Extended Data Fig. 2: Changes in microbiota composition are not likely to be associated with the development in VHS.
From: Local immune response to food antigens drives meal-induced abdominal pain
a, changes in the gut microbiome composition over time studied by ordination (PCA) plot before the infection, 10 days after infection (R2 = 0.11, p-value = 0.02), and after OVA gavage (R2 = 0.18, p-value = 0.002) between OVA/infected and saline/infected (n = 8/group) mice. The numbers in brackets indicate the variation explained by each axis (PCA: principal component analysis). b–d, drivers of variation in the murine intestinal community after OVA re-exposure. b, Comparison of mean abundance of taxa between OVA- and saline-infected mice.
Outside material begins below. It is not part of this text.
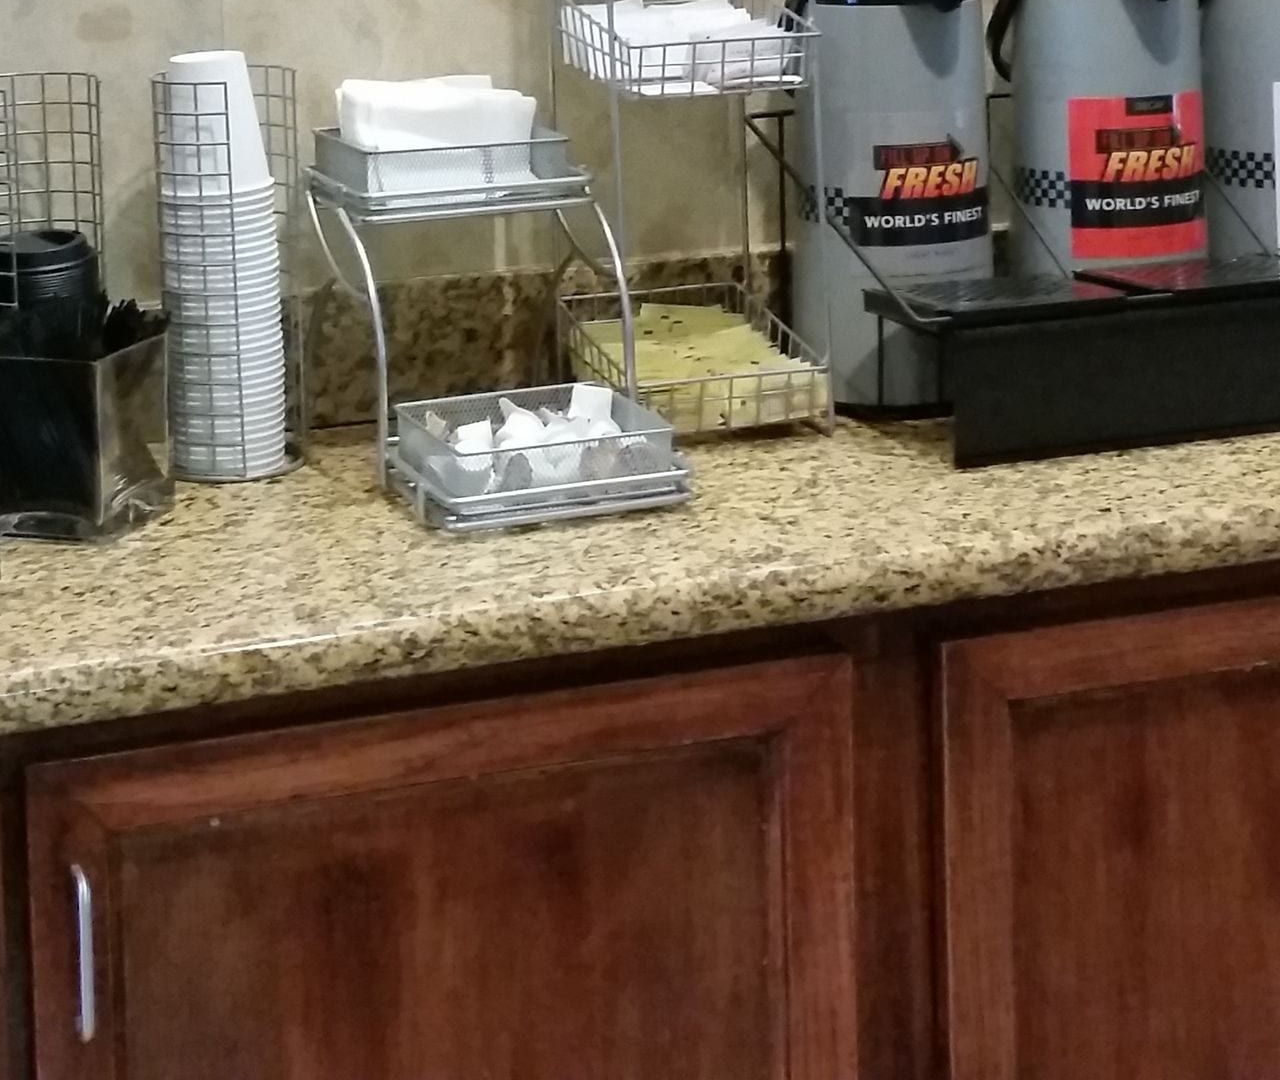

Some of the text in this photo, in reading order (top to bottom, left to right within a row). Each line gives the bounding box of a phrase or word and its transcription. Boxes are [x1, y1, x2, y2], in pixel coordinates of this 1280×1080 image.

Bacterial abundances were computed using centred log-ratio transformation (CLR; two-sided Mann–Whitney test, FDR <0.2). c, ordination biplot of PCA analysis showing the significant contributors in the community variation. Arrows indicate the relative importance of each genus (permutation-based P < 0.05). d, abundance of genus Robinsoniella, Eisenbergiella, Senegalimassilia, Murimonas, Clostridium_XVIII and Stomatobaculum by group and VHS (two-sided Mann–Whitney test, FDR >0.1). e, scheme illustrating the post-infectious protocol in mice treated with antibiotics. f, g, VMR to colorectal distention in VHS (OVA/infected + OVA) mice treated with antibiotics or control, and compared to OVA/infected + saline mice (n = 10, 7 and 6, respectively) (g depicts the VMM response at 7 weeks post-infection). In d, VHS threshold was established based on the 95th percentile of visceromotor responses at baseline (AUC >4.8). There was no significant association between VHS and bacterial abundance in any group (two-tailed Mann–Whitney test). X-axis indicates absence (0) and presence (1) of VHS. Two-way ANOVA 9(Sidak’s multiple-comparisons test) in f and g. Data shown as box-and-whiskers ± 1.5 IQR in d and as median ± IQR in f and g. VMR, visceromotor response; BL, baseline; w, week.